Daily Archives: 08/06/2012

New Potato Salad

Most people think of potatoes as a winter food, but I love them when they are young and thin skinned in the summer. We planted trench upon trench of potatoes in the spring and in the past few weeks have started harvesting new potatoes.  Most people think that new potatoes are just small, red potatoes, but genuine new potatoes are harvested in the summer and have such delicate skins that you can rub them off. These potatoes are the ones you want use in your summer cookout potato salad or throw in a crab or shrimp boil.

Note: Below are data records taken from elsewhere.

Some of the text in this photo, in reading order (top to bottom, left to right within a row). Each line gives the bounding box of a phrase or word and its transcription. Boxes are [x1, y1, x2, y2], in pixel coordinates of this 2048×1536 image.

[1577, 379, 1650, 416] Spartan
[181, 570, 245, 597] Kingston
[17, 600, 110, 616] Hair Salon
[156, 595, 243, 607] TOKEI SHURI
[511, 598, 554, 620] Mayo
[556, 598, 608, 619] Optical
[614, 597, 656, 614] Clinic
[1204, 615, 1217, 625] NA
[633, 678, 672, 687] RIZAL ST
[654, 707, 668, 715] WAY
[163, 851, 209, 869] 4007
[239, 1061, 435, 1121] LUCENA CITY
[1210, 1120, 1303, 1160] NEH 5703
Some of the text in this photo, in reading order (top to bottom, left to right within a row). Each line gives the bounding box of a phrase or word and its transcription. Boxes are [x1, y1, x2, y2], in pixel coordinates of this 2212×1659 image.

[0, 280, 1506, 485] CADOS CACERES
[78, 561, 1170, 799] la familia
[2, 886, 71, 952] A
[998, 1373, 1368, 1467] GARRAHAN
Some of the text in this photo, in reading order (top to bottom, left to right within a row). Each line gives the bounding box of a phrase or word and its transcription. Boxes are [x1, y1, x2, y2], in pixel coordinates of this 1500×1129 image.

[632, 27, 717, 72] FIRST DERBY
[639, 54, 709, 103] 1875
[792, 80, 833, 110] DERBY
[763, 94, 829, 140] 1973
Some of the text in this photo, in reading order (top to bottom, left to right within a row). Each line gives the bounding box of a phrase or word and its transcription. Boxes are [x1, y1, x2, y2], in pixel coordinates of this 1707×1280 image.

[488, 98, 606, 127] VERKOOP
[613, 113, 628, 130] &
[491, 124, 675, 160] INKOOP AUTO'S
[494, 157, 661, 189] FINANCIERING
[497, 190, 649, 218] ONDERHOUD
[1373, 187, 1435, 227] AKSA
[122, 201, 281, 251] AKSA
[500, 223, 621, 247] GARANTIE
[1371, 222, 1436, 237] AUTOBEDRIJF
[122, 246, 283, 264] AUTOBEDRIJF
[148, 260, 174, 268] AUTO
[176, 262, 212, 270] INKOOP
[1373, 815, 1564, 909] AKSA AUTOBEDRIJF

In general, I like all types of potato salad, but in the past few years have started to favor ones with a mustardy vinaigrette as the base, instead of mayo. My current incarnation uses large chunks of potatoes, lightly blanched snap beans, and fava beans. This salad bridges the early summer produce (favas) and high summer produce (beans) and uses up all of those bits of green herbs you have. Scallions, parsley, basil, and cilantro are all welcome additions here. If you do not have any favas, fresh (or frozen) lima beans or butter beans would be tasty.

New Potato Salad

2 pounds new potatoes, cubed in largish chunks
3/4 -1 pound fava beans (pre-shelling weight), shelled
1/2 pound snap beans, green or yellow or a mix of both
2 large scallions or 1/2 of a small sweet onion, diced fine
2 cloves garlic, grated on a microphone or mince very finely
1.5 tbsp whole grain mustard
4 tbsp (or to taste) red wine or white wine vinegar
3 tbsp olive oil
handful of parsley, basil. cilantro, or other fresh green herbs, chopped fine

Place the cubed potatoes in cold water with a handful of salt in a large pot and bring to a boil. When tender, scoop potatoes out from the pot, reserving the water. Bring the water back up to a boil and blanch the snap beans for maybe 30-60 seconds, scoop out from water and plunge into an ice bath or run under cold water. Drain and set aside. Bring the blanching water back up to a boil again and blanch the favas. Drain the favas when they are tender and pop then out of their skins.

In the bottom of a large bowl, whisk together the garlic, mustard, vinegar, olive oil, and salt and pepper to taste. Add the potatoes, beans, favas, and onion and stir to coat. Fold in the chopped herbs and serve warm or cold.